Government documents in the digital age.

Government Printing Office is moving to the digital age, reports Zachary A. Goldfarb of the Wasthington Post.

"Americans wanted to search for information on the Web and did not want to pay for printed versions of government documents. Seventeen thousand people, for example, paid to receive the Congressional Record in 1995, a number that was quickly shrinking by 2002 and now stands at less than 2,000. A quarter of a million pages are retrieved from it online in a month.
"The Future Digital System will respond to that trend by making available online all 2.2 million government documents -- a total of 60 million pages -- by the end of the 2007, tagged by keywords so they can be easily searched. It is a nearly $30 million endeavor and will include documents all the way back to the nation's founding."

Tracking Data on the Traveller

Aoife White of Associated Press reports how U.S. plans to keep collecting data on European passengers coming into the U.S. (See Washington Post for the reprint.)
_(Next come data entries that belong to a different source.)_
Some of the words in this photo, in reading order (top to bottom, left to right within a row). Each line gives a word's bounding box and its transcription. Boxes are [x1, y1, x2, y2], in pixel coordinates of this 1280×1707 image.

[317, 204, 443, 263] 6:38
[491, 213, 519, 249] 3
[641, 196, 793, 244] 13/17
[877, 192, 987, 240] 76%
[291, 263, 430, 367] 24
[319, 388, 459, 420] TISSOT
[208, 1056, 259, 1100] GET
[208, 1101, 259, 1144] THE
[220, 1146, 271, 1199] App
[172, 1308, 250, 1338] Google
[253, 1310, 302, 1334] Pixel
"U.S. authorities will be able to keep trawling through personal data on passengers flying from Europe, even though the European Union's highest court found problems Tuesday with the accord that made airlines share the information.
"During negotiations leading up to the 2004 accord, the EU won some concessions from the U.S., such as shortening the time the information is stored, to a maximum 3 1/2 years, and deleting sensitive data such as meal preference, which could indicate a passenger's religion or ethnicity."
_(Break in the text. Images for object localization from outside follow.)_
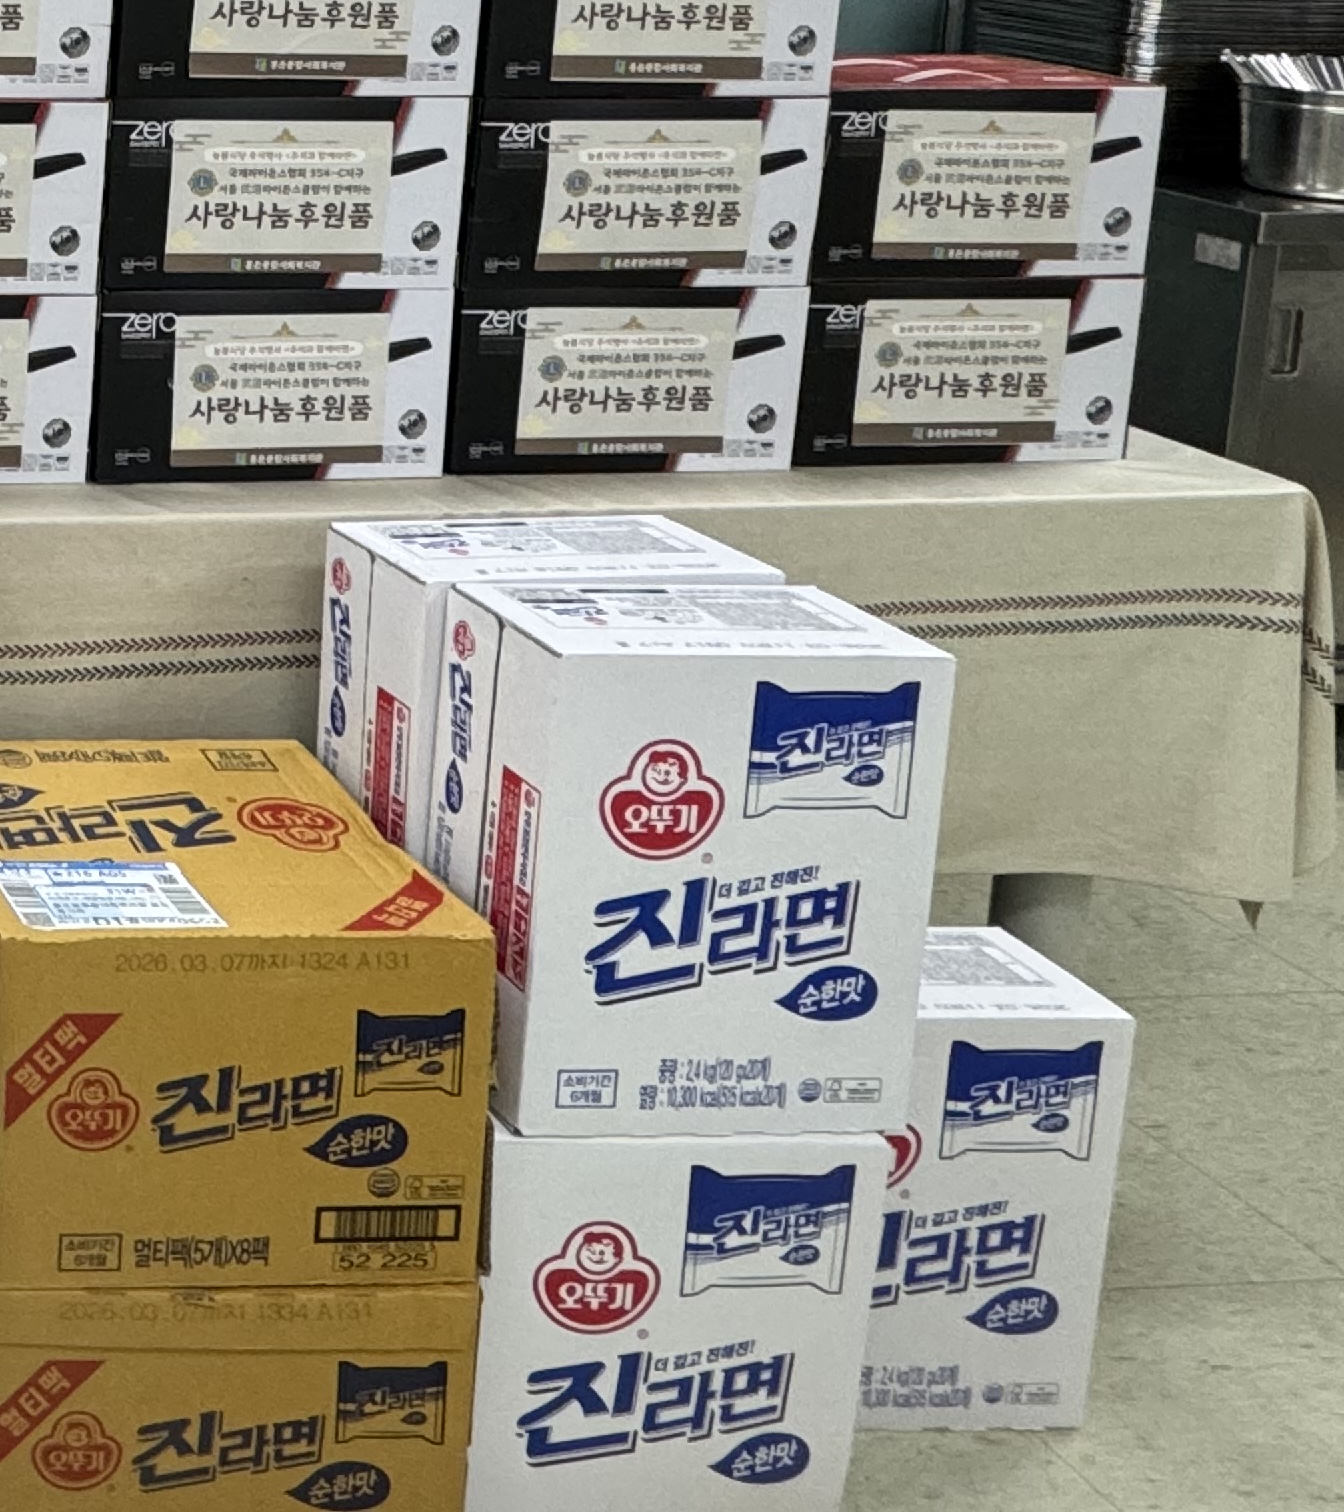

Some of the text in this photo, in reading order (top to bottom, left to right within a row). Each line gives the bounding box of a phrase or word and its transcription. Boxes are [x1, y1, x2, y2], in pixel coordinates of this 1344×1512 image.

[210, 0, 399, 30] 사랑나눔후원품
[572, 1, 754, 31] 사랑나눔후원품
[184, 201, 374, 231] 사랑나눔후원품
[558, 200, 742, 229] 사랑나눔후원품
[893, 191, 1070, 219] 사랑나눔후원품
[120, 312, 178, 340] zero
[535, 386, 714, 414] 사랑나눔후원품
[872, 372, 1048, 400] 사랑나눔후원품
[189, 394, 373, 423] 사랑나눔후원품
[776, 724, 888, 774] 진라면
[623, 804, 699, 836] 오뚜기
[585, 876, 860, 1006] 진라면
[798, 973, 867, 1014] 순한맛
[12, 1016, 87, 1094] 멀티팩
[62, 1106, 124, 1133] 오뚜기
[152, 1065, 343, 1153] 진라면
[325, 1122, 394, 1162] 순한맛
[713, 1207, 824, 1256] 진라면
[337, 1251, 430, 1271] 52 225
[557, 1282, 635, 1311] 오뚜기
[985, 1295, 1049, 1328] 순한맛
[516, 1350, 796, 1468] 진라면
[48, 1448, 107, 1473] 오뚜기
[132, 1410, 326, 1493] 진라면
[730, 1440, 799, 1478] 순한맛
However, this is World Cup season.

There are probably more people heading in the opposite direction.

Sunday, May 21, 2006

The View

Here is the view from WashingtonPost.Com newsroom.

Online Media Presence

Washington Post has one of the best online presence of any print media I know. It combines advertising, interactive social content networking technologies (e.g. blogs, technoratic, etc.), video, audio and blogs by its writers on various beats.

Reuters.com which also has a fairly sophisticated online presence for a news media comes close to the Post but Post is unique in the sense that it traditionally was and continues to be a significant print medium with a distinguished past.

Blogs posted by Reuters seem to be focused on what counts as less than the news.

Many of the entries are in the "oddly enough" category, which are farcical pieces.

The other mentionable category at blogs.reuters.com is the tech-media-telecoms, including this bit about MADtv.

Finally, in the emerging technology category, we see entries like the one on a Yellow Submarine.

Thursday, May 11, 2006

No One is Listening

IHT reports on a recent article on wiretapping in the U.S.

The article, in USA Today, said that the agency did not listen to the calls, but secretly obtained information on numbers dialed by "tens of millions of Americans" and used it for "data mining" - computer analysis of large amounts of information for clues or patterns to terrorist activity.

Wednesday, May 10, 2006

Some Times

Some times, editorials make absolutely no sense. Or as we say in Persian, they have neither a head nor a tail. They demonstrate how little the editorial writer has understood the ups and downs of a situation, how lost the writer is and how little he or she knows.

Words strung together, yet meaningless.

The Old Hawk Speaks

Zbigniew Brzezinski, the hawk in the Carter administration who according to some gave the green light to Saddam Hussein to attack Iran, opins, somewhat more wisely, on the most recent political "debate" in Washington.